Belfast Telegraph

Album: Bruce Springsteen, The Promise (Columbia)

Reviewed by Andy Gill

Due to legal problems, Bruce Springsteen was unable to follow-up his breakthrough success with Born to Run for three long years.

Instead, he and his band spent their days in Bruce's gaff, rehearsing new material – ultimately, a cache of some 70 songs. By the time he was free to record again, punk had revolutionised rock'n'roll, and with it Springsteen's approach: the 10 tracks that eventually comprised Darkness on the Edge of Town were of a flintier, more spartan cast, and streaked with the misgivings of maturity. Of the remaining songs, the more commercial were farmed out to third parties – "Fire" to The Pointer Sisters, "Because the Night" to Patti Smith – and a few more made it on to The River and Tracks, while the rest were consigned to history.



Until now: the completion of a documentary built around footage from those sessions has prompted the release of The Promise, a 2CD set of 21 outtakes that effectively offers the bridge between the two albums. Symbolically, it's still focused on the same highway of broken dreams, but the tenor is significantly more upbeat and triumphalist, with plenty more musical footnotes to the grandiose pop-soul of Phil Spector and Shadow Morton, and other, more specific, heritage references: the unrequited love of the underdog in "Outside Looking In" rides a galloping Buddy Holly tom-tom tattoo, while castanets and "sha-la-la" backing vocals lend a "Spanish Harlem" tinge to the street romance of "Gotta Get That Feeling".

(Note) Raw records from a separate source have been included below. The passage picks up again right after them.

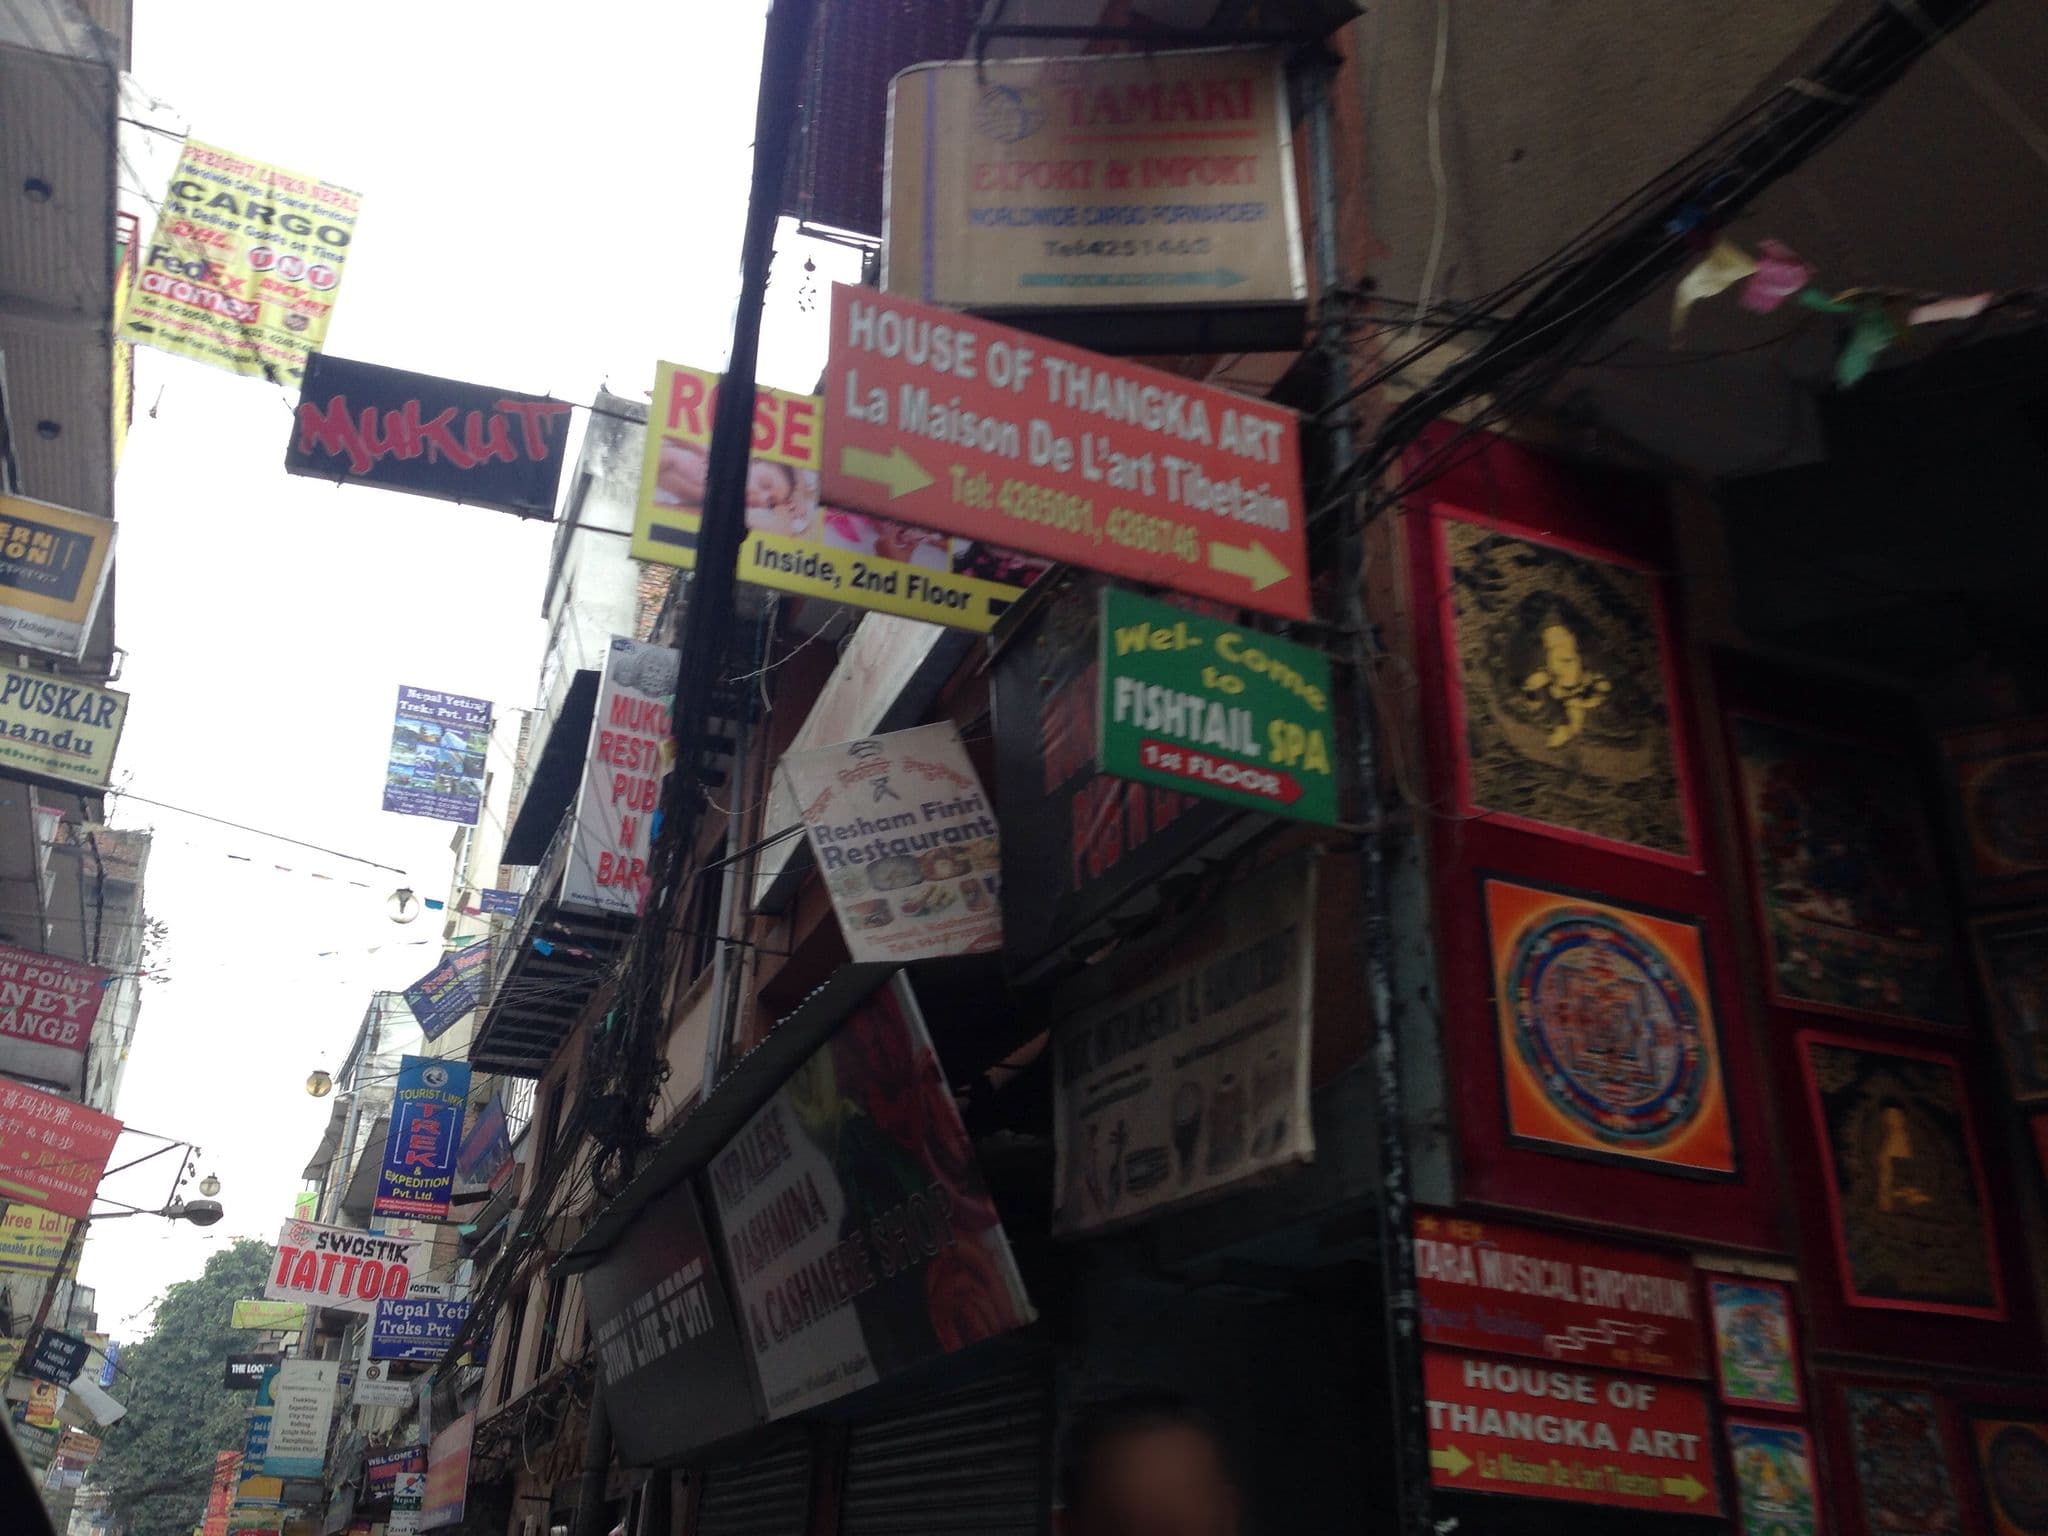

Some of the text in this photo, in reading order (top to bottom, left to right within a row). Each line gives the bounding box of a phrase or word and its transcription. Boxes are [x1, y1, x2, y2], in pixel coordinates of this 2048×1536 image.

[971, 158, 1091, 192] EXPORT
[1141, 155, 1257, 187] IMPORT
[170, 180, 351, 248] CARGO
[147, 245, 246, 295] FedEx
[848, 300, 1285, 465] HOUSE OF THANGKA ART
[845, 369, 889, 426] La
[900, 383, 1021, 459] Maison
[1028, 418, 1074, 473] De
[1081, 431, 1156, 497] L'art
[754, 540, 972, 611] Inside, 2nd Floor
[1202, 665, 1246, 695] to
[1113, 675, 1332, 776] FISHTAIL SPA
[610, 772, 658, 814] PUB
[1186, 752, 1281, 796] FLOOR
[813, 810, 918, 845] Resham
[822, 814, 996, 870] Restaurant
[596, 850, 646, 893] BAR
[23, 967, 94, 993] POINT
[399, 1088, 442, 1102] TOURIST
[404, 1103, 444, 1169] TREK
[384, 1169, 451, 1188] EXPEDITION
[413, 1166, 422, 1176] &
[392, 1188, 434, 1202] Pvt. Ltd.
[39, 1212, 61, 1234] Lal
[730, 1170, 830, 1284] PASHMINA
[316, 1231, 411, 1264] SWOSTIK
[275, 1245, 412, 1302] TATTOO
[764, 1228, 878, 1345] CASHMERE
[1479, 1248, 1580, 1304] MUSICAL
[1580, 1264, 1695, 1321] EMPORIUM
[379, 1319, 456, 1338] Treks Pvt.
[381, 1300, 430, 1321] Nepal
[231, 1363, 247, 1374] THE
[1463, 1360, 1657, 1412] HOUSE OF
[1425, 1400, 1702, 1461] THANGKA ART
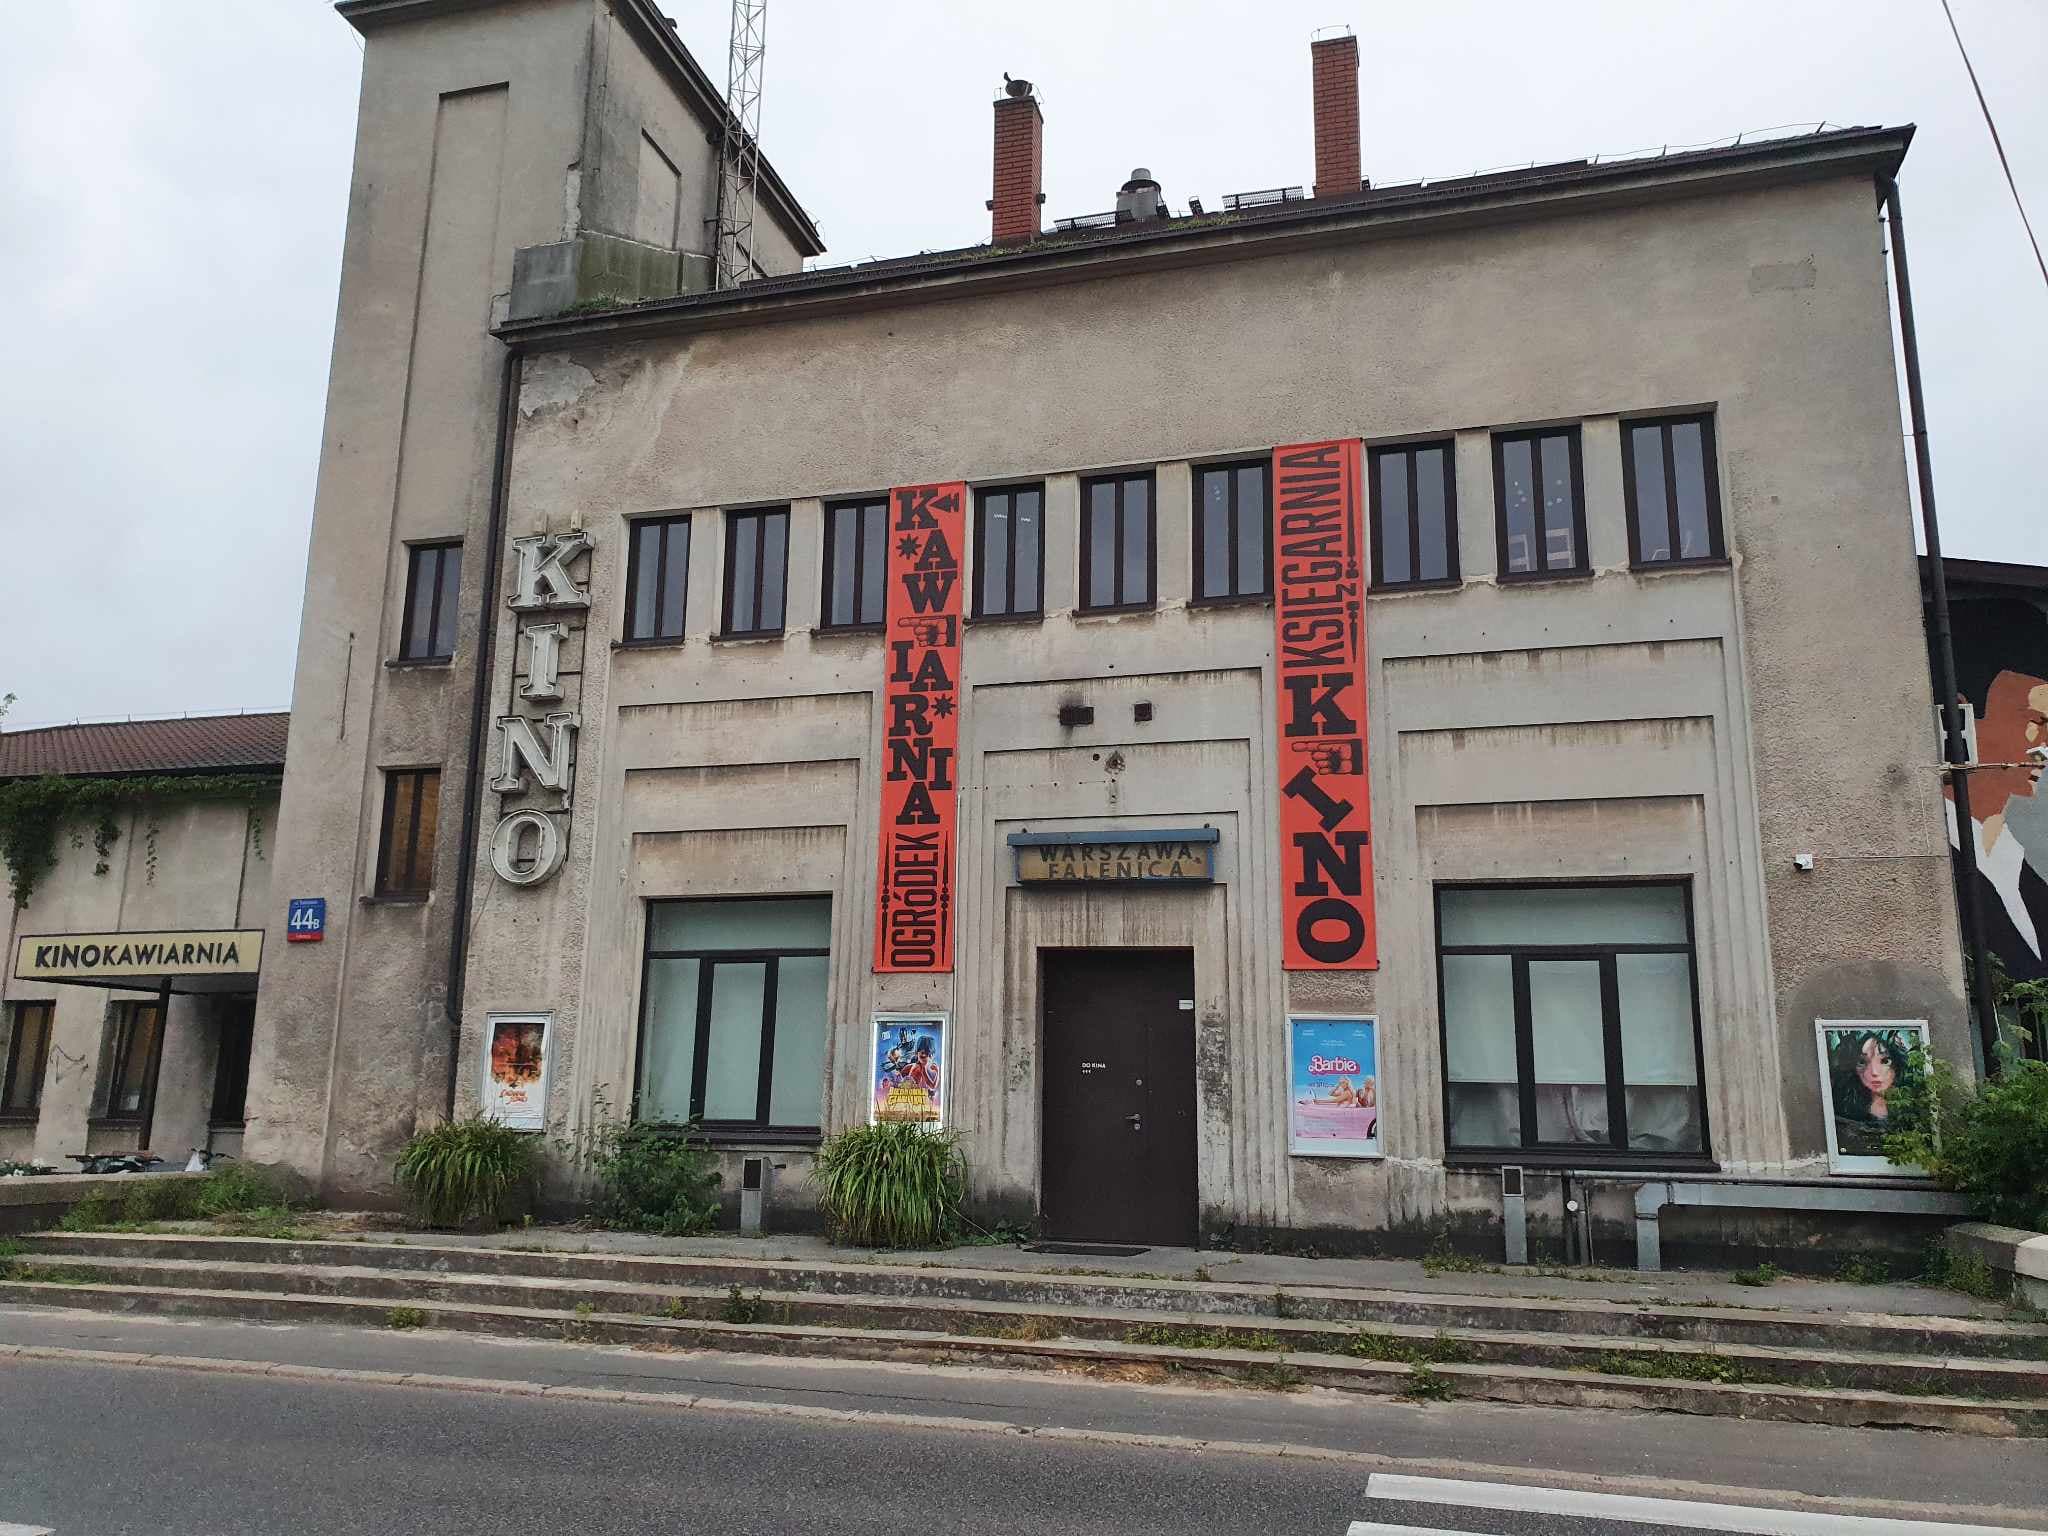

There's more liberal use of Clarence Clemons's euphoric sax than on Darkness..., with a few tracks boasting bigger, burring Stax-style horn arrangements: the soulful ballad "The Brokenhearted" is so heavily freighted with them, it compellingly evokes the big, blustery arrangements of Born to Run grinding to a halt, finally seizing up. But there are enough potential hits here to confirm Steve Van Zandt's contention that this abandoned tranche of songs would have confirmed Springsteen as one of the great pop songwriters. "Because the Night" and "Fire" are both included, the latter smouldering in predatory fashion, while "Ain't Good Enough for You", with its infectiously laconic handclap groove, is a lost good-time pop classic.



There's a certain palimpsest appeal to The Promise, too, with the early appearances of lines that would subsequently settle into more secure surroundings: the opening gambit of "I'm on Fire" likewise heralds this album's "Spanish Eyes", and lines from "Come On (Let's Go Tonight)" turned up later in "Out in the Street", while "Candy's Boy" starts from the same place as "Candy's Room" but wheels off in a completely different direction. But it's the alternative version of "Racing in the Street" which best illuminates this set: with the addition of David Lindley's violin, it's more ponderous, less poignant, than the eventual released version, more of a halfway house between romanticised street-operas like "Thunder Road" and Springsteen's darker new vision, but retaining that crucial awareness of soured dreams of escape that makes it such a pivotal song in his career.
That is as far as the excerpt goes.